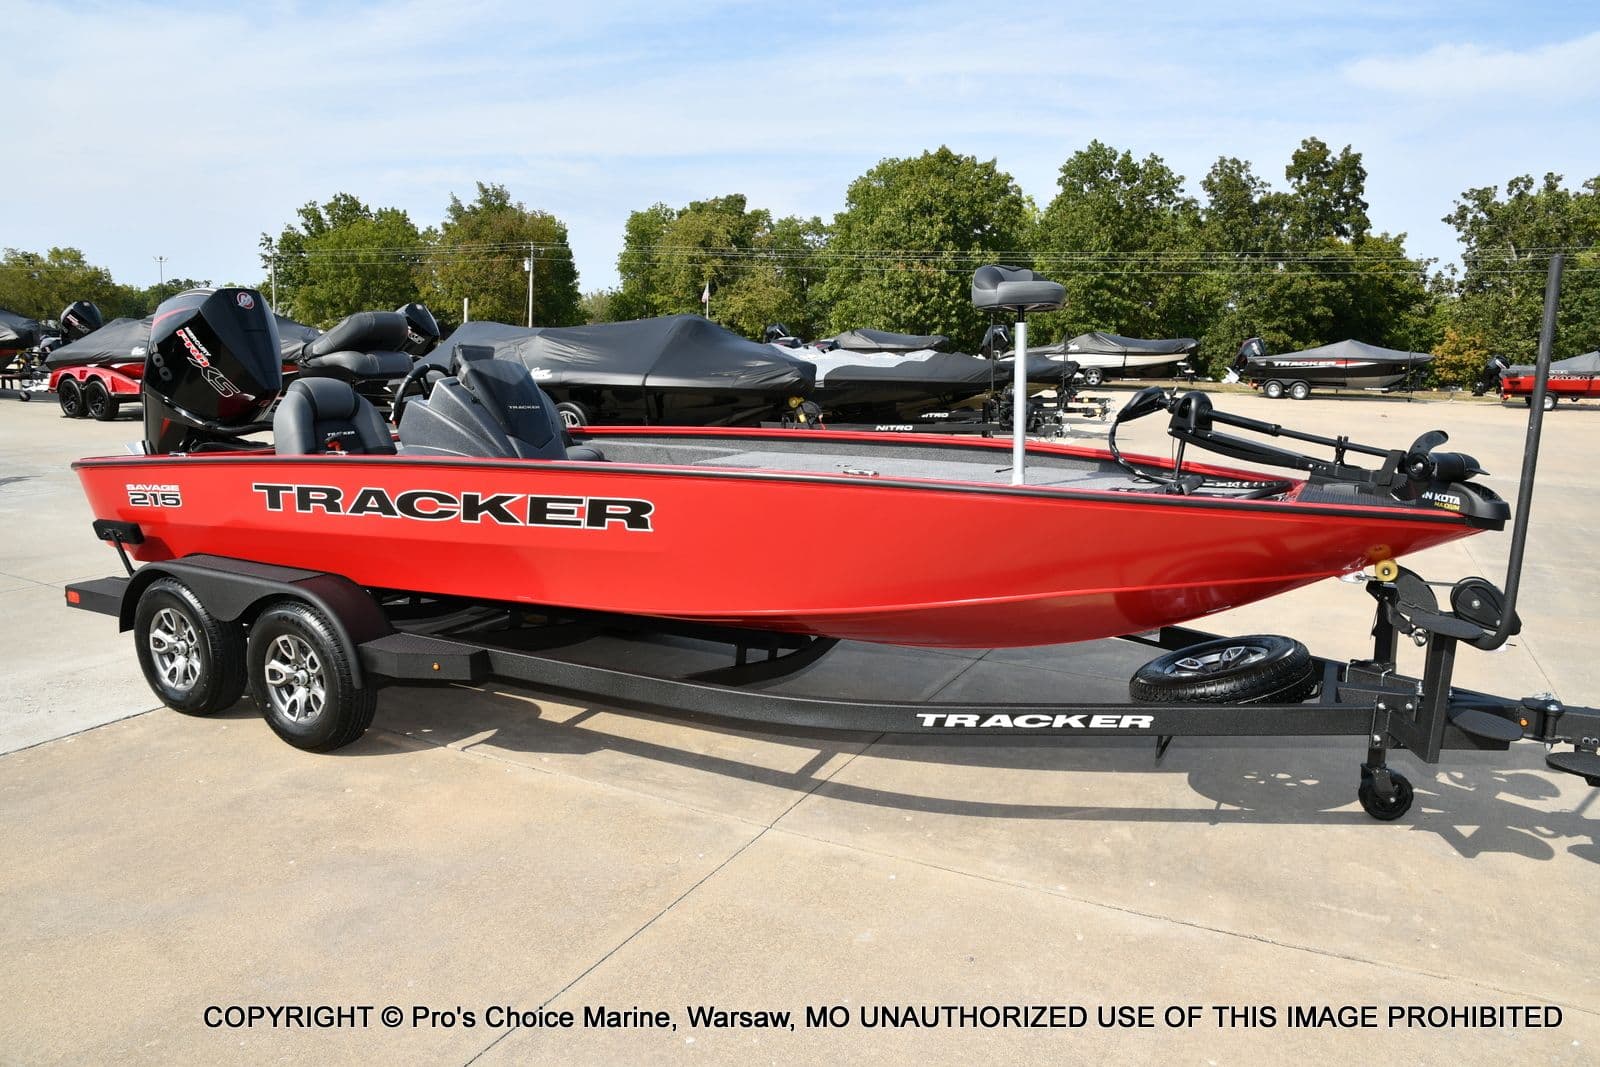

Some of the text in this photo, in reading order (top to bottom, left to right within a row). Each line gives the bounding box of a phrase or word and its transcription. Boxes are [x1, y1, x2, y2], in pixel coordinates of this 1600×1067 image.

[183, 326, 212, 357] MERCURY
[127, 490, 182, 507] 215
[252, 482, 653, 532] TRACKER
[1434, 492, 1460, 505] KOTA
[916, 713, 1154, 729] TRACKER
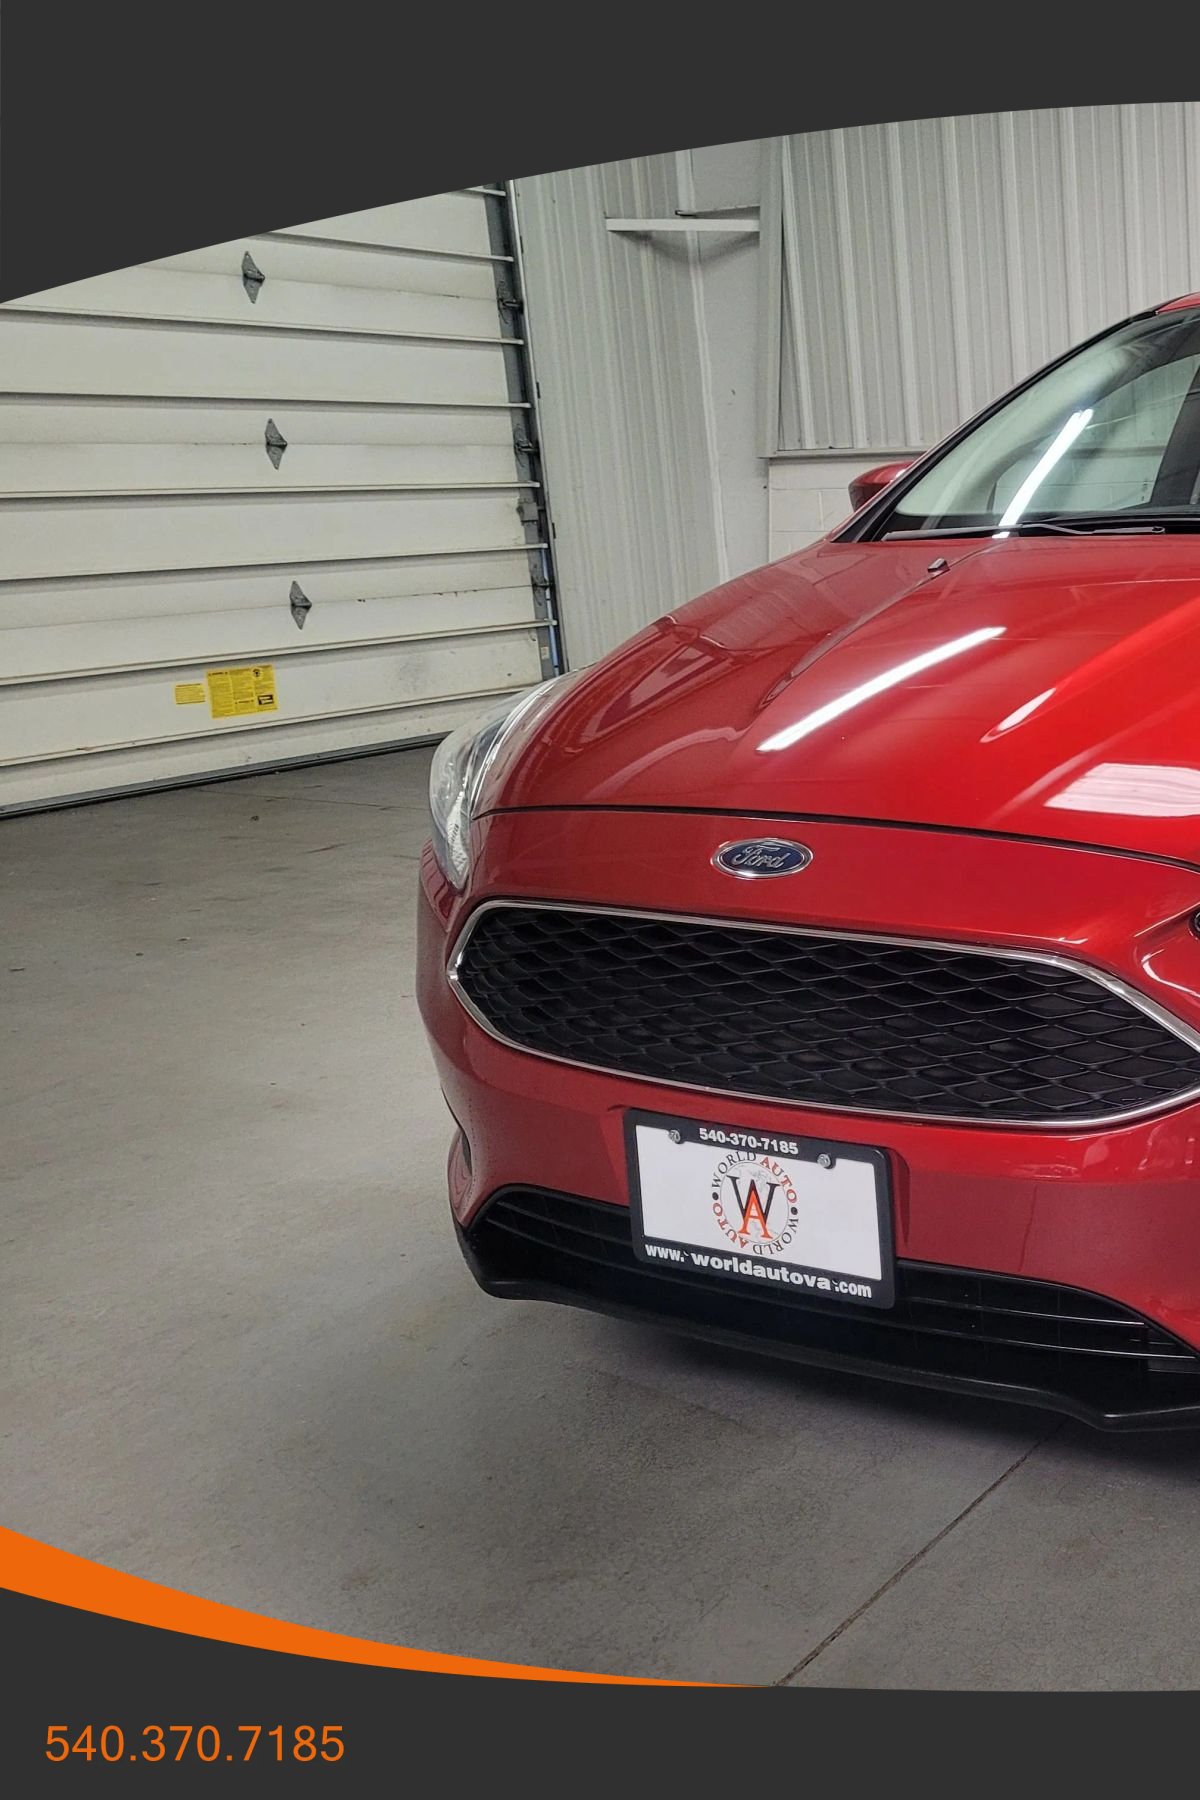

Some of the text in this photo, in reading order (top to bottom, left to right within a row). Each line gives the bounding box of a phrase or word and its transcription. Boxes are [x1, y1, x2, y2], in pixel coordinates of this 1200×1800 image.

[731, 845, 791, 869] Ford
[699, 1127, 799, 1155] 540-370-7185
[712, 1151, 798, 1203] WORLD AUTO
[712, 1203, 749, 1248] AUTO
[752, 1218, 799, 1255] WORLD
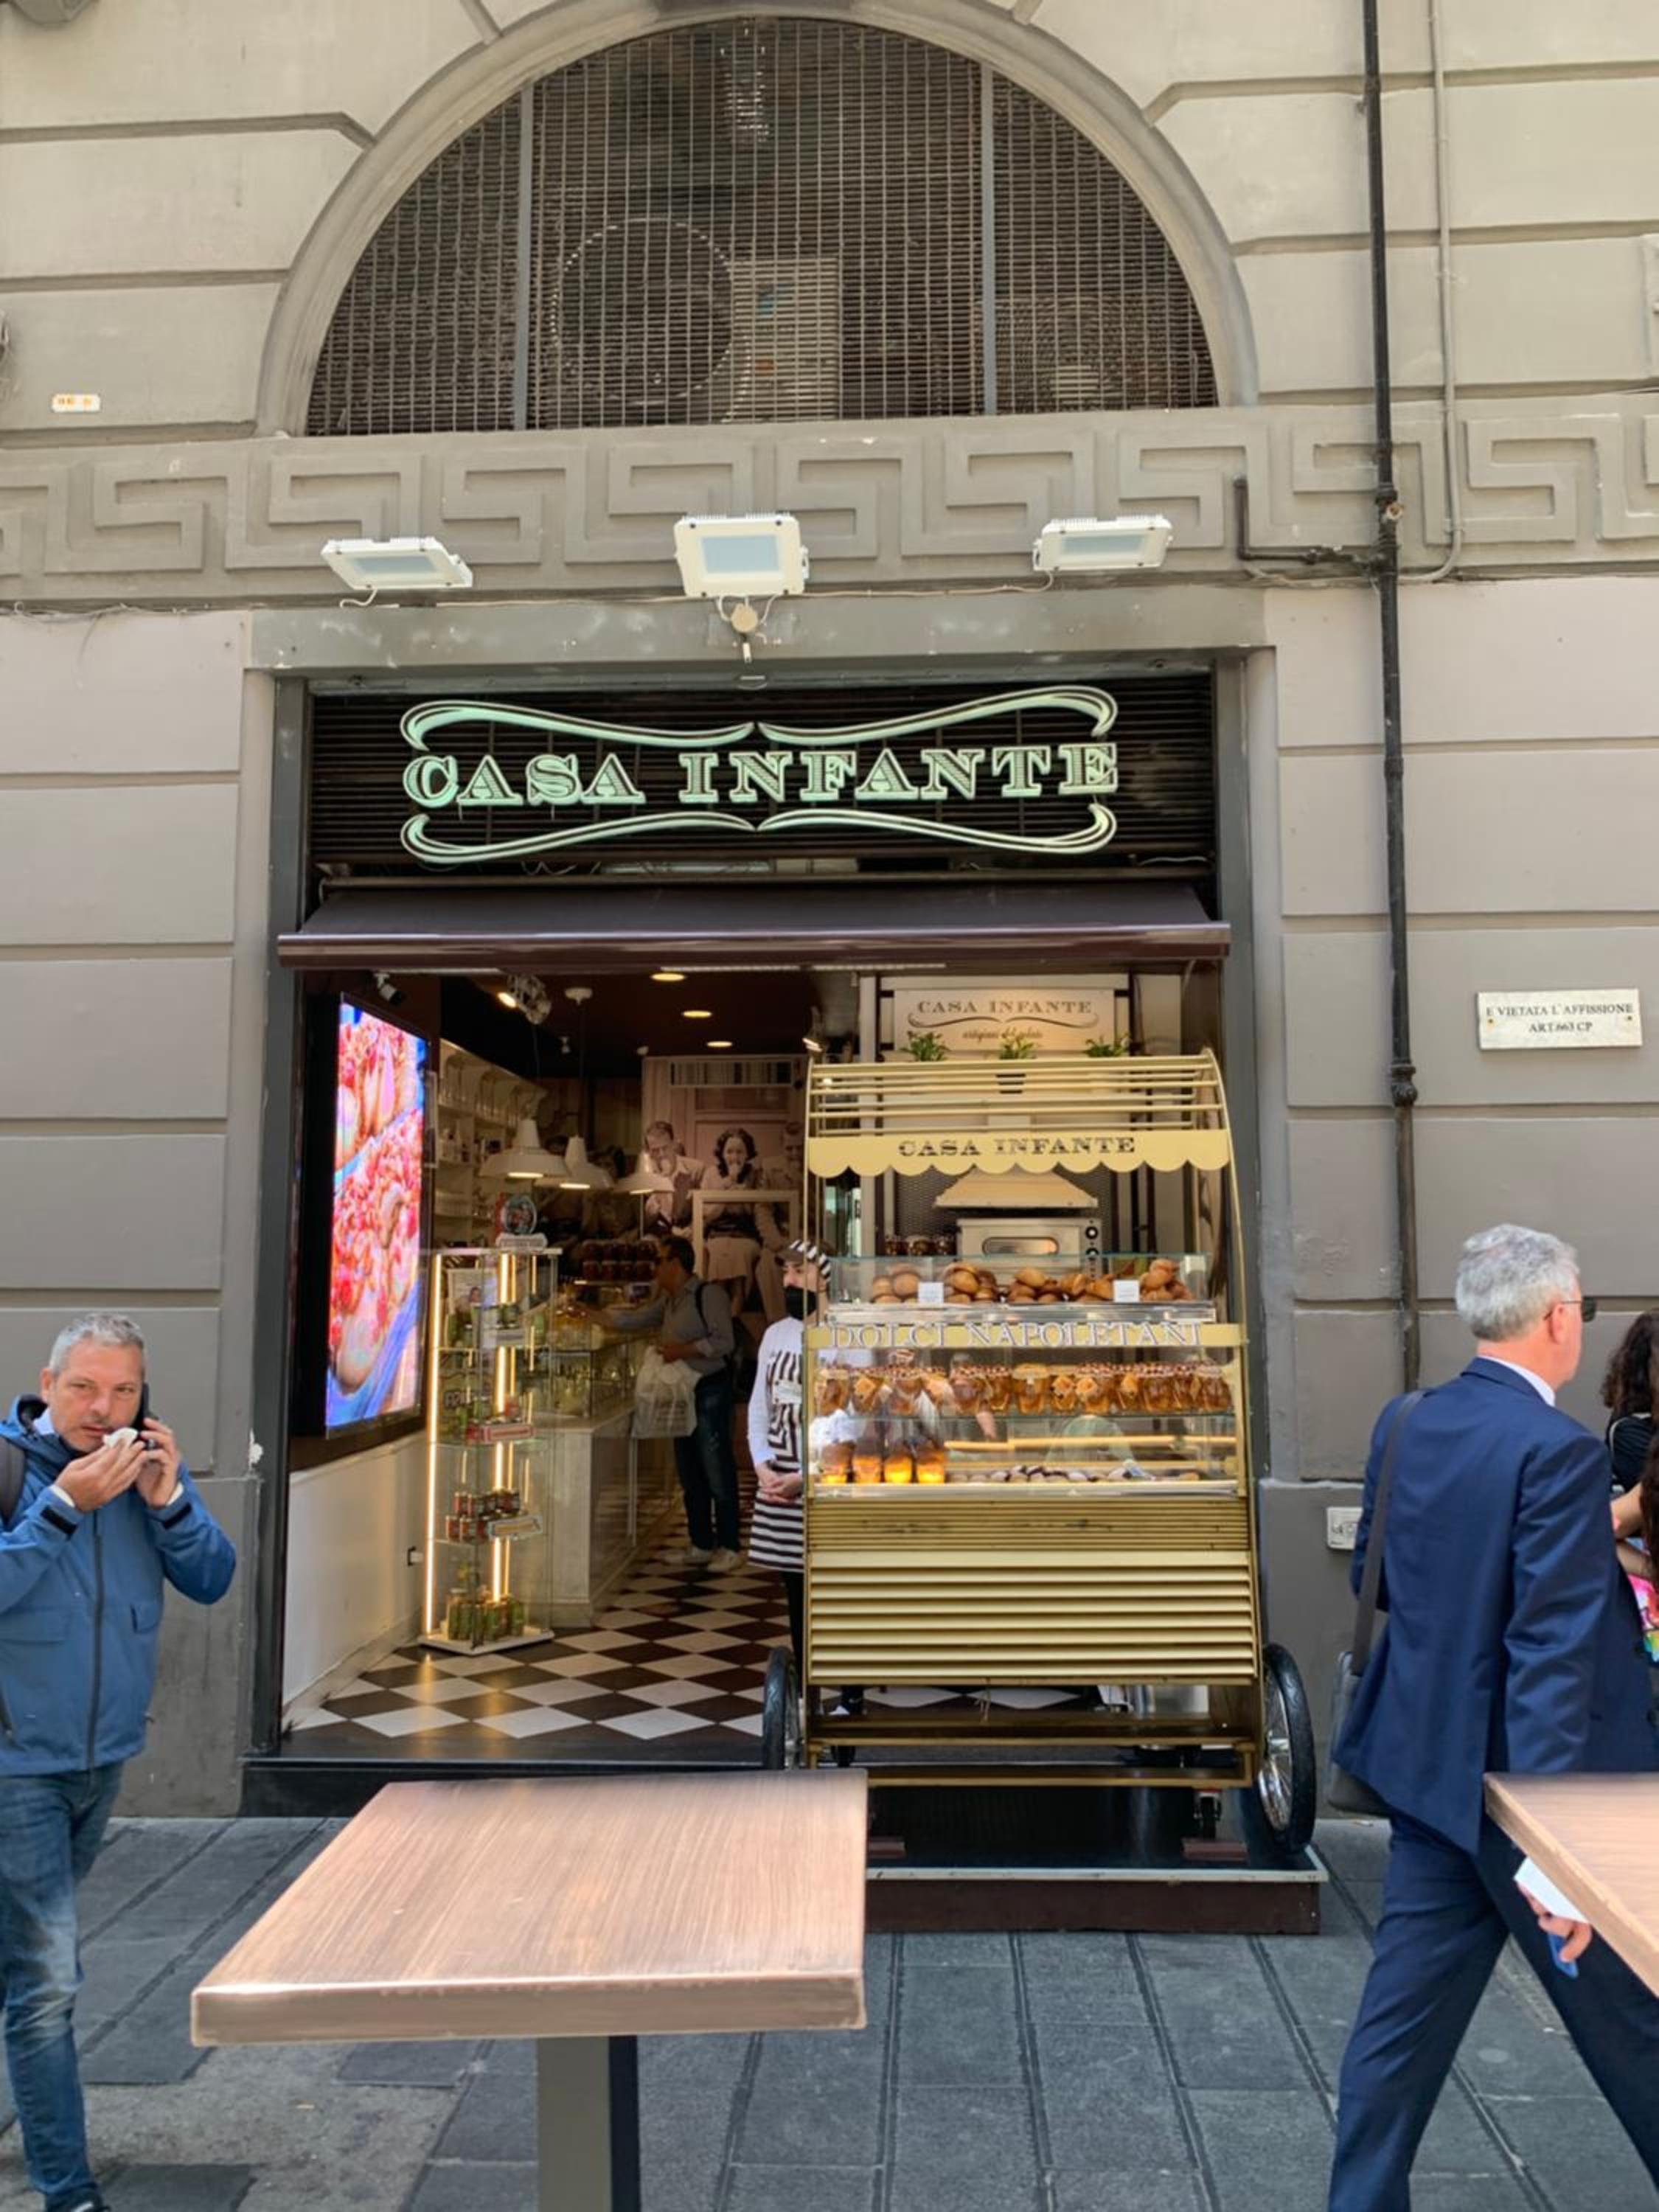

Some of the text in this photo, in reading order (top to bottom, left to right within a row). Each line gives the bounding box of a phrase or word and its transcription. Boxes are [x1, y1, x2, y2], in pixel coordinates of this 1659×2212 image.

[402, 742, 1119, 808] CASA INFANTE
[917, 1001, 1093, 1014] CASA INFANTE
[1498, 1005, 1547, 1016] VIETATA
[1576, 1021, 1593, 1032] CP
[897, 1136, 1135, 1157] CASA INFANTE
[830, 1321, 1202, 1348] DOLCI NAPOLETANI

(Aim of the exercise) Give back the records above word for word, minus any image they hold.

(Finished task)
Some of the text in this photo, in reading order (top to bottom, left to right within a row). Each line gives the bounding box of a phrase or word and its transcription. Boxes are [x1, y1, x2, y2], in pixel coordinates of this 1600×1067 image.

[183, 326, 212, 357] MERCURY
[127, 490, 182, 507] 215
[252, 482, 653, 532] TRACKER
[1434, 492, 1460, 505] KOTA
[916, 713, 1154, 729] TRACKER

Some of the text in this photo, in reading order (top to bottom, left to right within a row). Each line gives the bounding box of a phrase or word and its transcription. Boxes are [x1, y1, x2, y2], in pixel coordinates of this 1200×1800 image.

[731, 845, 791, 869] Ford
[699, 1127, 799, 1155] 540-370-7185
[712, 1151, 798, 1203] WORLD AUTO
[712, 1203, 749, 1248] AUTO
[752, 1218, 799, 1255] WORLD

Some of the text in this photo, in reading order (top to bottom, left to right within a row). Each line gives the bounding box of a phrase or word and its transcription. Boxes are [x1, y1, x2, y2], in pixel coordinates of this 1659×2212 image.

[402, 742, 1119, 808] CASA INFANTE
[917, 1001, 1093, 1014] CASA INFANTE
[1498, 1005, 1547, 1016] VIETATA
[1576, 1021, 1593, 1032] CP
[897, 1136, 1135, 1157] CASA INFANTE
[830, 1321, 1202, 1348] DOLCI NAPOLETANI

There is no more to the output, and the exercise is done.